Abstract
Uncovering phenotypic heterogeneity is fundamental to understanding processes such as development and stress responses. Due to the low mRNA abundance in single bacteria, determining biologically relevant heterogeneity remains a challenge. Using Microcolony-seq, a methodology that captures inherited heterogeneity by analyzing microcolonies originating from single bacterial cells, we uncover the ubiquitous ability of bacteria to maintain long-term inheritance of the host environment. Notably, we observe that growth to stationary phase erases the epigenetic inheritance. By leveraging this memory within each microcolony, Microcolony-seq combines bulk RNA sequencing (RNA-seq) with whole-genome sequencing and phenotypic assays to detect the distinct subpopulations and their fitness advantages. Applying this directly to infected human samples enables us to uncover a wealth of diverse inherited phenotypes. Our observations suggest that bacterial memory may be a widespread phenomenon in both Gram-negative and Gram-positive bacteria.
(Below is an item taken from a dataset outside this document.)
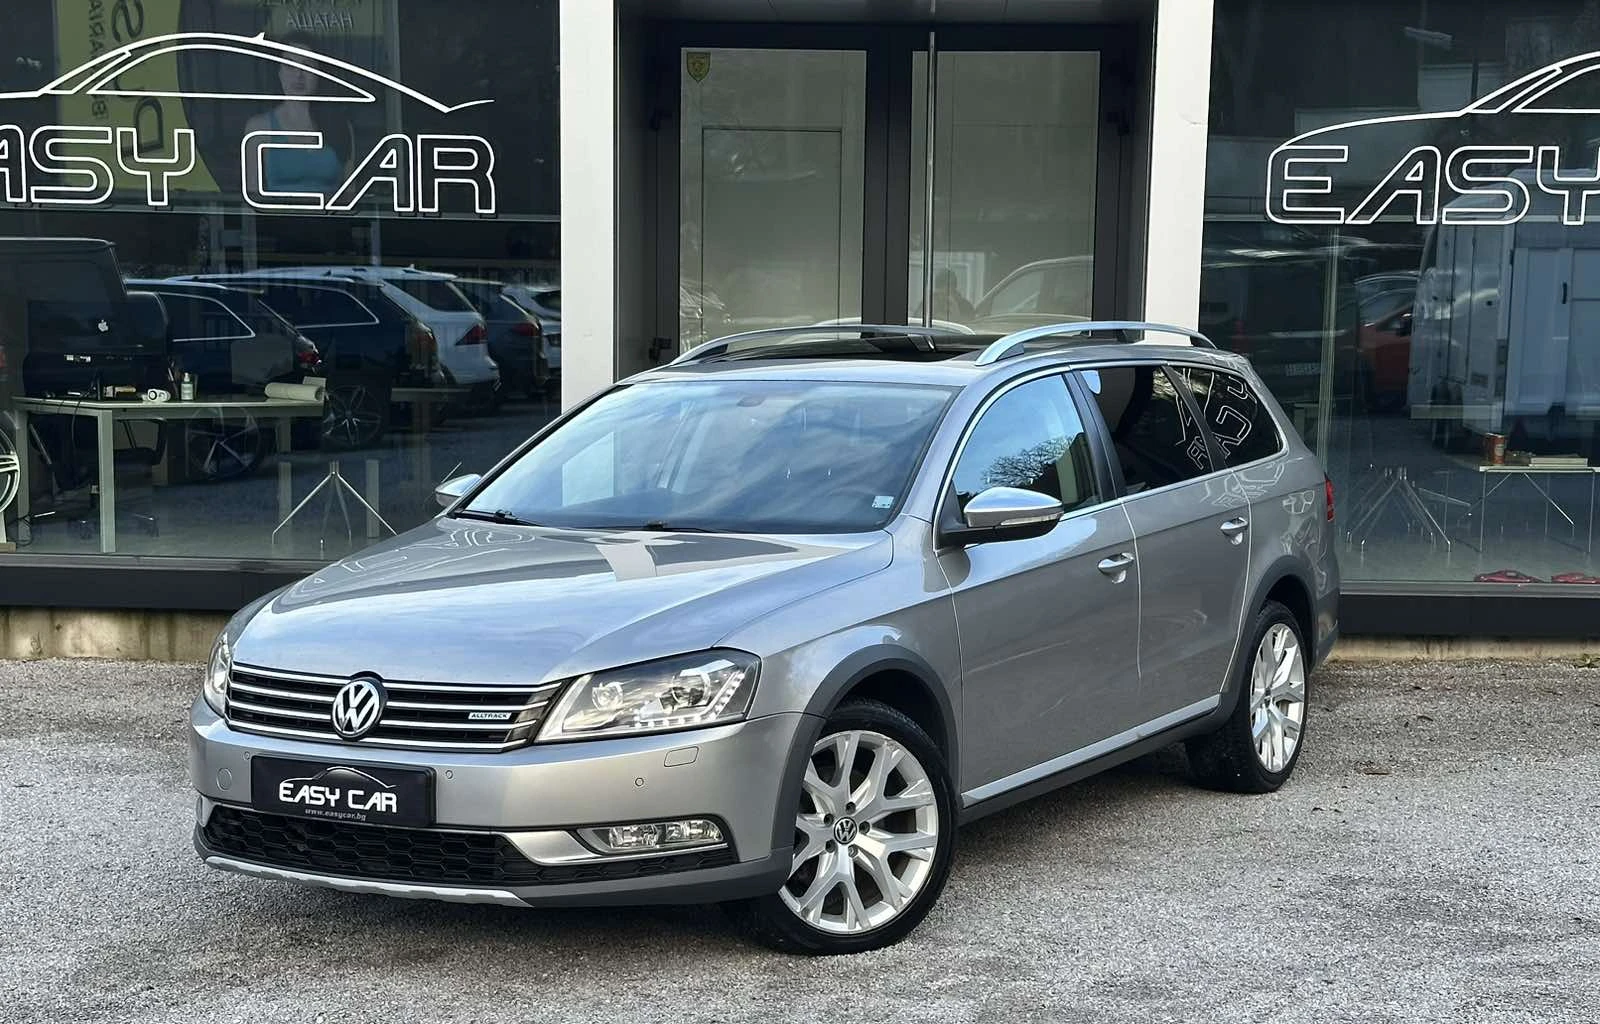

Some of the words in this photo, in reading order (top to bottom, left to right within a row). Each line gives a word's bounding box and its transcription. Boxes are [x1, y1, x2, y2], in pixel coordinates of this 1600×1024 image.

Microcolony-seq provides potential targets for the rational design of therapies with the power to simultaneously target the coexisting subpopulations.
Keywords:
EPEC; S. aureus; UPEC; UTI; adhesion factor; bacterial differentiation; bet-hedging; bloodstream infection; division of labor; epigenetic inheritance; pathogens; single-cell; single-cell heterogeneity; virulence factors.